Schedule II: Relevant Principles of Construction
[1] This case involves construing an industrial agreement and statutes. Similar principles apply to both. The relevant principles to be applied when interpreting an industrial instrument are set out by the Full Bench of the Western Australian Industrial Relations Commission in Fedec -v- The Minister for Corrective Services [2017] WAIRC 00828 [21] - [23]. In summary (omitting citations), the Full Bench stated:
- ‘The general principles that apply to the construction of contracts and other instruments also apply to the construction of an industrial agreement.’
- ‘The primary duty of the court in construing an instrument is to endeavour to discover the intention of the parties as embodied in the words they have used in the instrument. It is the objectively ascertained intention of the parties, as it is expressed in the instrument, that matters; not the parties' subjective intentions. The meaning of the terms of an instrument is to be determined by what a reasonable person would have understood the terms to mean;’
- ‘The objectively ascertained purpose and objective of the transaction that is the subject of a commercial instrument may be taken into account in construing that instrument. This may invite attention to the genesis of the transaction, its background and context. The apparent purpose or object of the relevant transaction can be inferred from the express and implied terms of the instrument, and from any admissible evidence of surrounding circumstances’;
- ‘An instrument should be construed so as to avoid it making commercial nonsense or giving rise to commercial inconvenience. However, it must be borne in mind that business common sense may be a topic on which minds may differ’;
- ‘An instrument should be construed as a whole. A construction that makes the various parts of an instrument harmonious is preferable. If possible, each part of an instrument should be construed so as to have some operation’; and
- ‘Industrial agreements are usually not drafted with careful attention to form by persons who are experienced in drafting documents that have legal effect.’

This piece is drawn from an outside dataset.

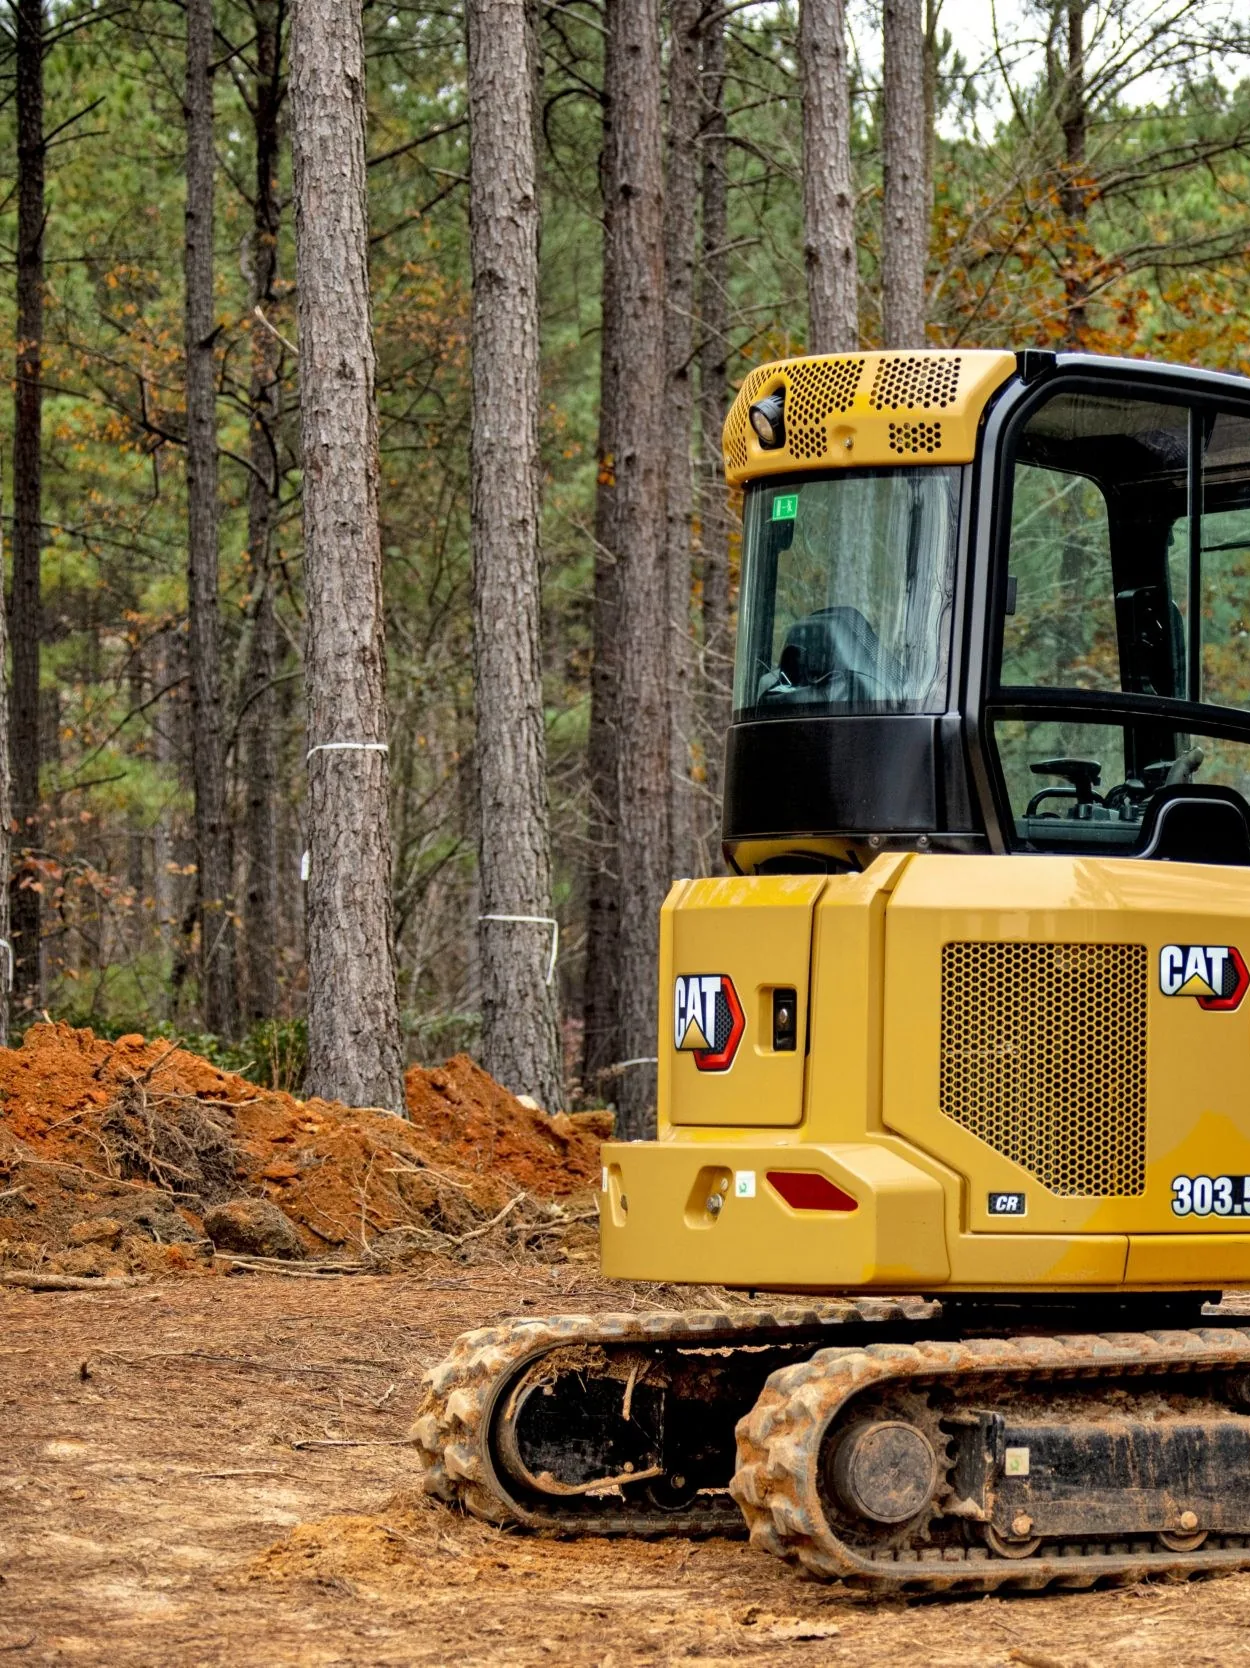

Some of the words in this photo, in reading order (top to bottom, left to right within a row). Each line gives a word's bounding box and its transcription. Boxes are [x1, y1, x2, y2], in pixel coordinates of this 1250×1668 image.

[1160, 945, 1229, 996] CAT
[675, 976, 721, 1049] CAT
[995, 1195, 1019, 1211] CR

To the above list I would add:
- Ascertaining the intention of the parties begins with a consideration of the ordinary meaning of the words of the instrument. Ascertaining the ordinary meaning of the words requires attention to the context and purpose of the clause being construed. City of Wanneroo v Australian Municipal, Administrative, Clerical And Services Union [2006] FCA 813 [53] - [57] (French J).
-
Context may appear from the text of the instrument taken as a whole, its arrangement and the place of the provision under construction. The context includes the history of the instrument and the legal background against which the instrument was made and in which it was to operate. City of Wanneroo v Australian Municipal, Administrative, Clerical And Services Union [supra] at [53] - [57] (French J); Communications, Electrical, Electronic, Energy, Information, Postal, Plumbing and Allied Services Union of Australia v Excelior Pty Ltd [2013] FCA 638 [28] - [30] (Katzmann J).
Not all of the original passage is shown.